ESE DELEZNABLE FAVORITISMO
Lord Ashton Burlesdon era joven de cuerpo y espíritu, si hemos de medir tal juventud en lo que a proezas de alcoba se refiere. Así, con baremo tan extravagante, le gustaba considerarse, para escándalo de propios y ajenos: un sinvergüenza elegante.
Siempre arreglado y fascinante, sin renegar de lo viril, por supuesto; era rápido de verbo, y aun más célere en combate.
¡Que se lo dijesen a aquel comerciante, a la sazón tabacalero, a quien descerrajó en duelo un disparo detrás y otro delante¡Pena de agujeros, llevando una única pistola! Los testigos, hombres sensatos, tuvieron a bien guardar silencio.

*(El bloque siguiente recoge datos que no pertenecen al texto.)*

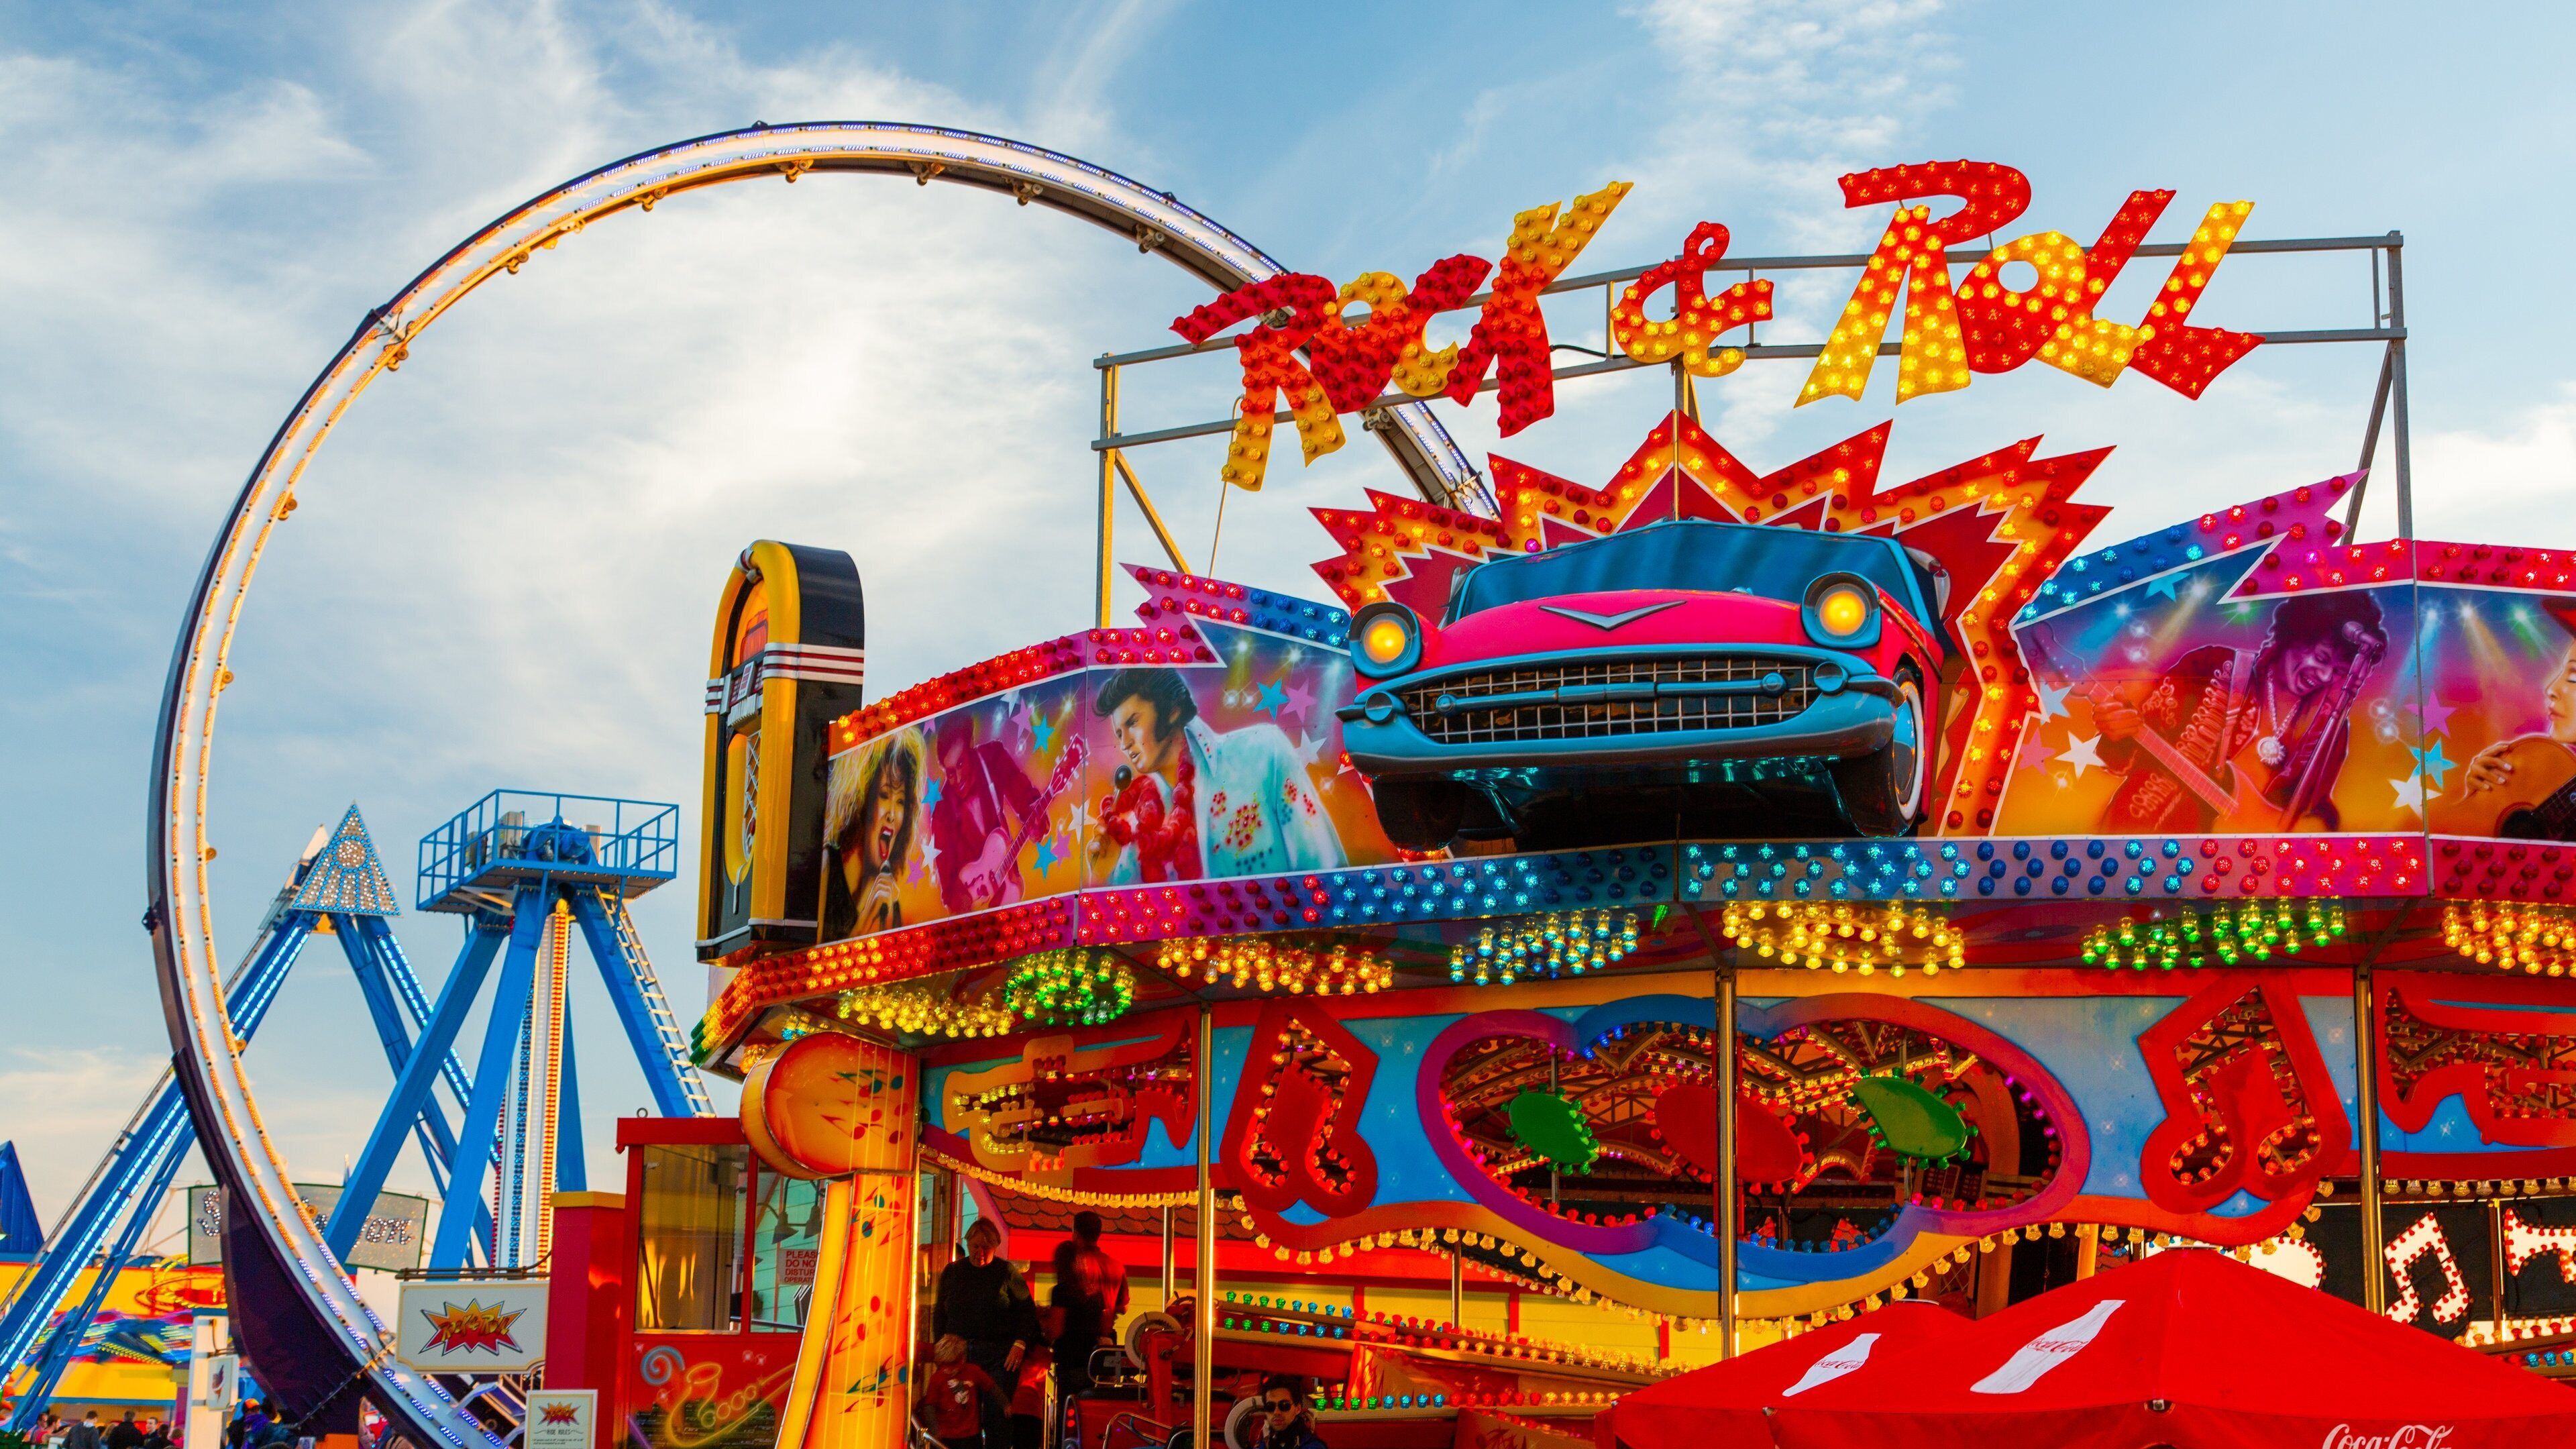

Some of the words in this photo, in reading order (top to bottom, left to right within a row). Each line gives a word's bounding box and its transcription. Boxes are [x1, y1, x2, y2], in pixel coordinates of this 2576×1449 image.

[1611, 221, 1773, 377] &
[786, 1250, 817, 1258] PLEAS
[786, 1259, 799, 1267] DO
[802, 1259, 816, 1267] NO
[2322, 1423, 2455, 1449] Coca-Cl

Tras algún que otro doblón(más de uno los pidió, siendo extranjero) hubo quienes añadieron que fue accidente o precaución, pero que de Lord Burlesdon jamás pudo decirse ser cobarde.

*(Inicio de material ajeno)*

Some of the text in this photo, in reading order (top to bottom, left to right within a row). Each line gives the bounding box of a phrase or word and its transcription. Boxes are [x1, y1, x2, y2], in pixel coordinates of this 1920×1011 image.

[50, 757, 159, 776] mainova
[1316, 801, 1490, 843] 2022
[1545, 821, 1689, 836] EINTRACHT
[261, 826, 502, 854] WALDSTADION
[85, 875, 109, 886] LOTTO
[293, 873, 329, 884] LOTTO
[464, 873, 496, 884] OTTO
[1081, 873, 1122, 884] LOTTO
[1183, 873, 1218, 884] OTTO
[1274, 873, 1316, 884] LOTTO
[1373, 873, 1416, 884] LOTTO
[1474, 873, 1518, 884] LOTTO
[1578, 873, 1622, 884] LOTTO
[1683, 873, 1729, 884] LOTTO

Y gran verdad había en ello; pues nadie acometía con más pasión la buena mesa o en un lecho (siempre femenino); de las damas,preferido, entre los políticos, promesa.
Así pues, a unos fresquísimos cuarenta, había sido requerido por los abolicionistas, a fin de ocupar el asiento de su padre en el partido; lugar hereditario, pero no por ello menos merecido.
Y es que el apuestísimo inglés era un liberal convencido, de palabra fácil y serena, que, habiendo sido interrogado acerca de la causa por un amigo, exclamó, dignísimo:
-¿Acaso no tienen coño las negras?
Para completar el cuadro, diremos que "ese chico, Tavington"(si se puede considerar tal cosa a alguien que frisa la cuarentena) era su único problema. Incapaz de entender que fuera del Parlamento imperaba un ambiente mucho más distendido, aquel malnacido tuvo el descaro de recordar dentro de él la simpática anécdota.
Infantil y bravucón, hasta el punto de haber afirmado en más de una ocasión haber yacido con señoras de media América, era incapaz de justificar sus salidas, y lo que es peor ¡terrible insolencia! contestaba a sus alusiones sobre problemas con el juego con otras acerca de los suyos con la sífilis y la bebida.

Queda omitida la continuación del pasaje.